→ Description of the task
Each entry below must be repeated exactly, with pictures left out.
____ Materials provided
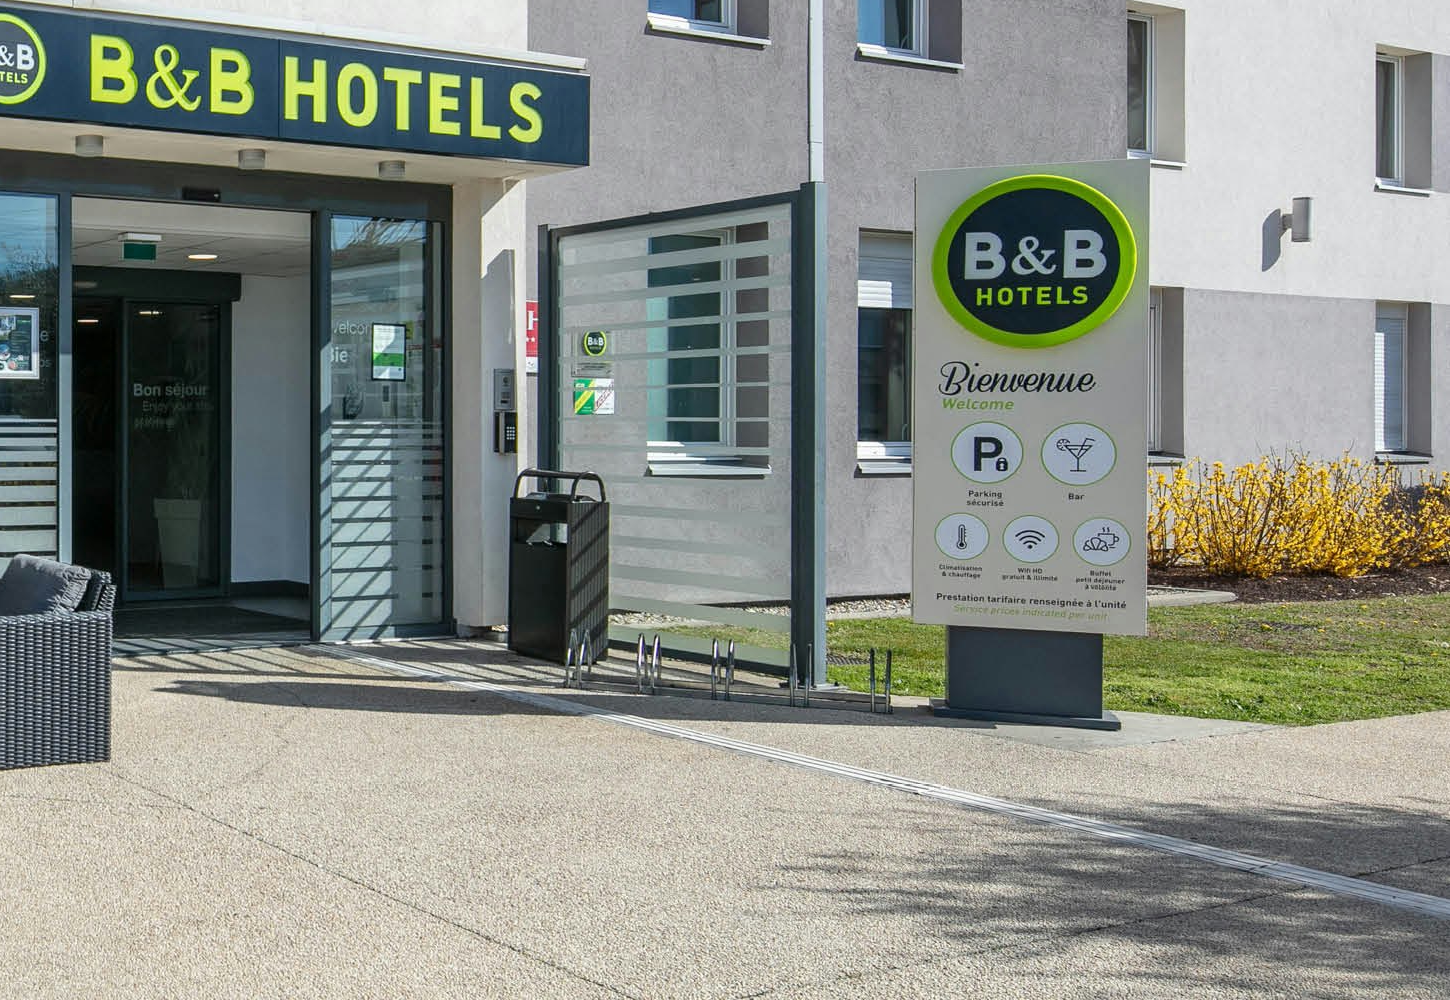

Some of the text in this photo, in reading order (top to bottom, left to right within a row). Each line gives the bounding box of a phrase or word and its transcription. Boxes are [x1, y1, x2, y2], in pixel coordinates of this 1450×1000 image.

[90, 34, 543, 144] B&B HOTELS
[964, 229, 1107, 280] B&B
[976, 286, 1088, 306] HOTELS
[587, 336, 604, 346] B&B
[938, 361, 1097, 396] Bienvenue
[133, 381, 208, 399] Bon séjour
[942, 397, 1015, 411] Welcome
[966, 498, 1004, 507] sécurisé
[968, 490, 1003, 499] Parking
[939, 564, 983, 572] Climatisation
[948, 571, 981, 579] chauffage
[936, 592, 1127, 610] Prestation tarifaire renseignée à l'unité
[954, 604, 1108, 621] Service prices indicated per unit
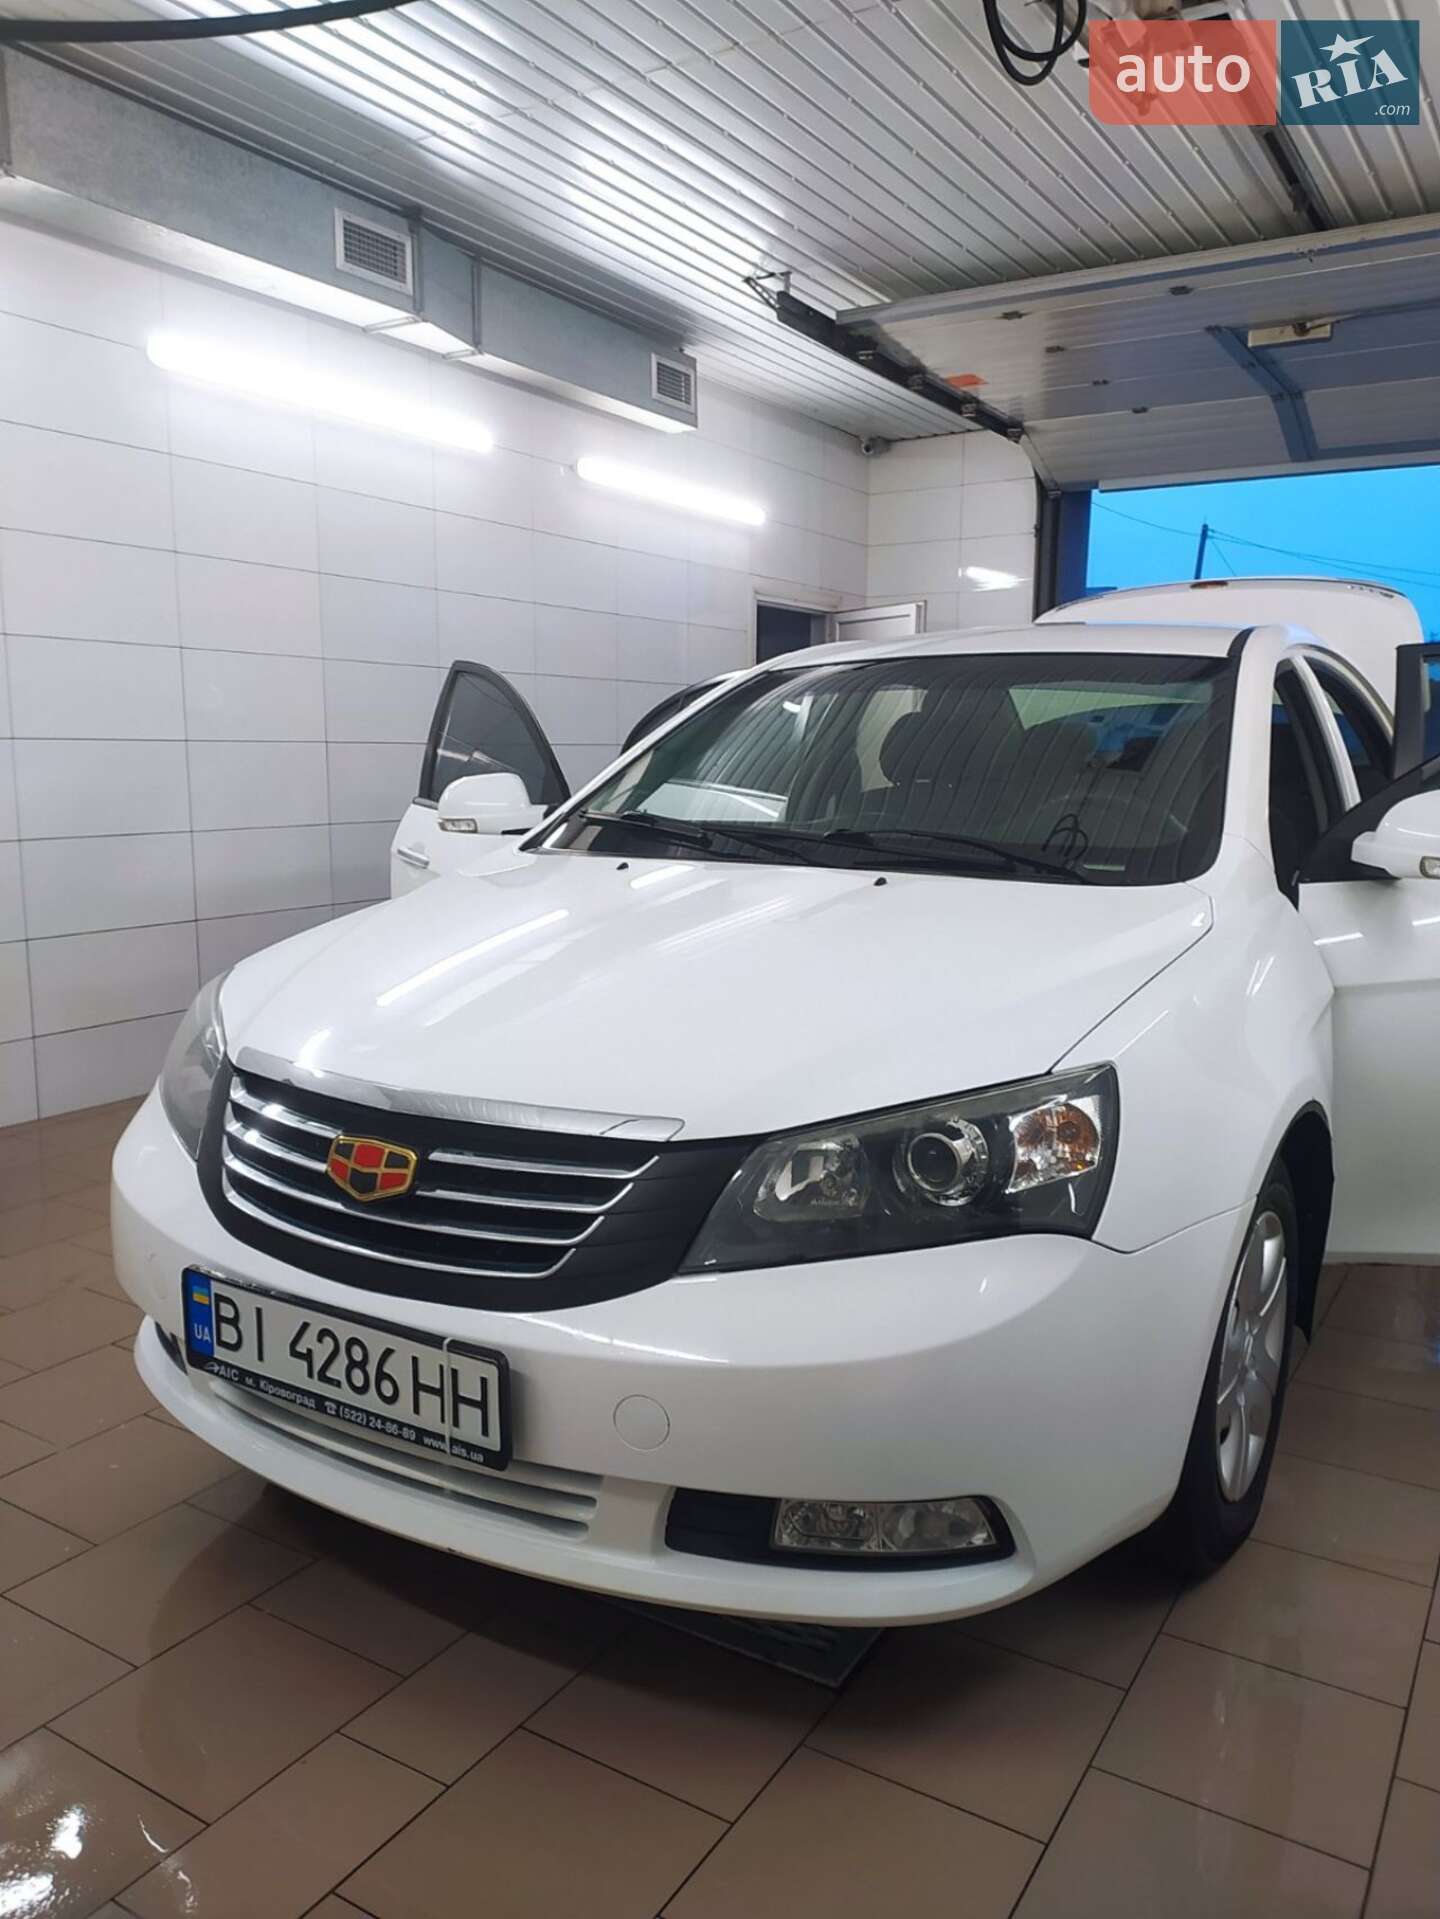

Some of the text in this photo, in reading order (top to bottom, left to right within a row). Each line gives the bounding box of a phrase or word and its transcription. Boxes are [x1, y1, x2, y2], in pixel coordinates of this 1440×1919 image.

[194, 1323, 212, 1344] UA
[339, 1405, 368, 1426] (522)
[423, 1435, 484, 1463] wwwais.ua
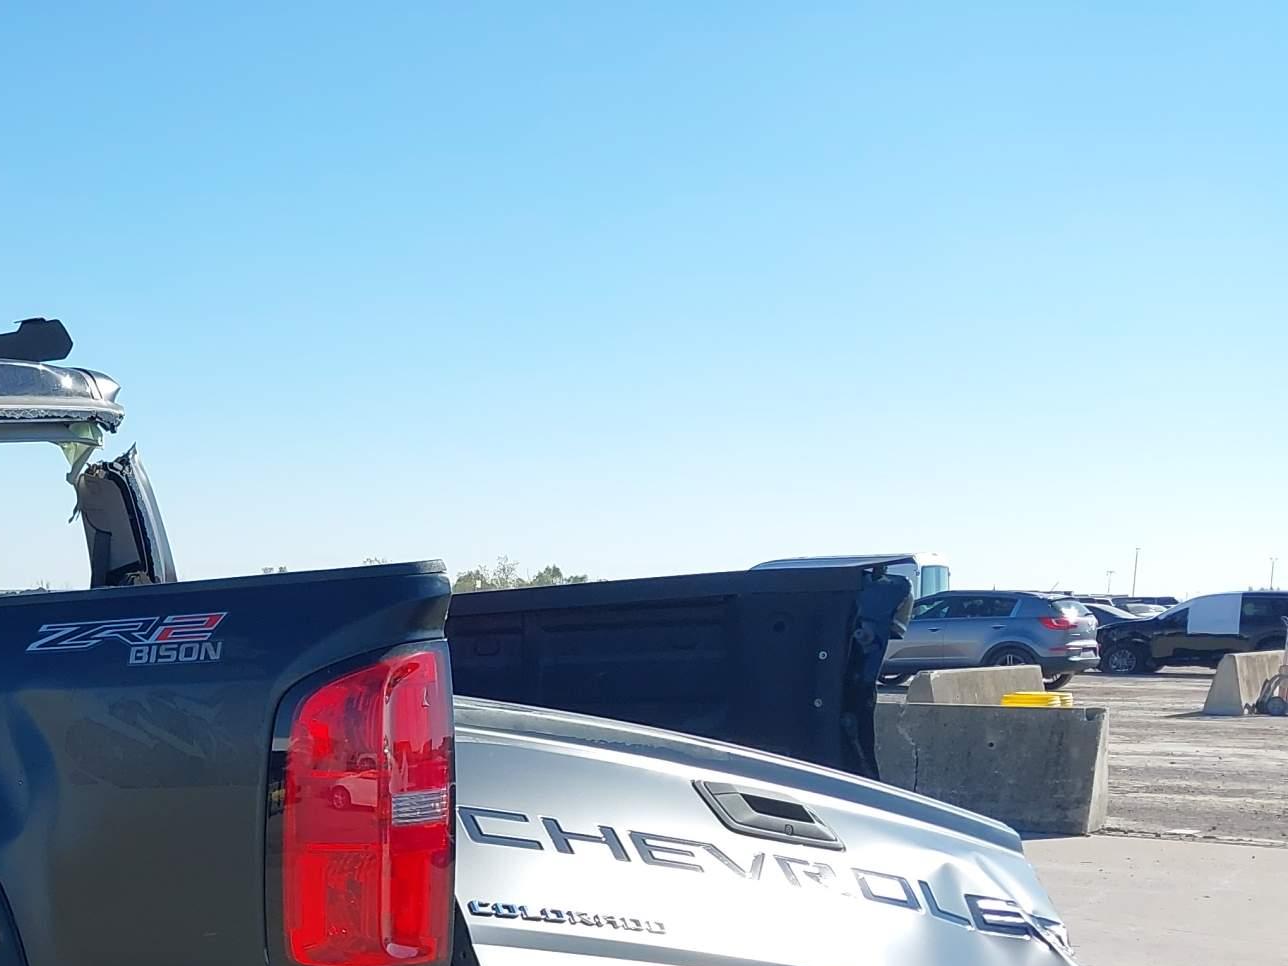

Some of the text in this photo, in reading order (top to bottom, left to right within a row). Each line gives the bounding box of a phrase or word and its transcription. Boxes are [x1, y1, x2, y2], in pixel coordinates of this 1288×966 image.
________
→ Task output
Some of the text in this photo, in reading order (top to bottom, left to right within a row). Each line gives the bounding box of a phrase or word and its transcription. Boxes are [x1, y1, x2, y2], in pixel coordinates of this 1450×1000 image.

[90, 34, 543, 144] B&B HOTELS
[964, 229, 1107, 280] B&B
[976, 286, 1088, 306] HOTELS
[587, 336, 604, 346] B&B
[938, 361, 1097, 396] Bienvenue
[133, 381, 208, 399] Bon séjour
[942, 397, 1015, 411] Welcome
[966, 498, 1004, 507] sécurisé
[968, 490, 1003, 499] Parking
[939, 564, 983, 572] Climatisation
[948, 571, 981, 579] chauffage
[936, 592, 1127, 610] Prestation tarifaire renseignée à l'unité
[954, 604, 1108, 621] Service prices indicated per unit

Some of the text in this photo, in reading order (top to bottom, left to right within a row). Each line gives the bounding box of a phrase or word and its transcription. Boxes are [x1, y1, x2, y2], in pixel coordinates of this 1440×1919 image.

[194, 1323, 212, 1344] UA
[339, 1405, 368, 1426] (522)
[423, 1435, 484, 1463] wwwais.ua

Some of the text in this photo, in reading order (top to bottom, left to right within a row). Each line gives the bounding box of a phrase or word and its transcription. Boxes are [x1, y1, x2, y2], in pixel coordinates of this 1288×966 image.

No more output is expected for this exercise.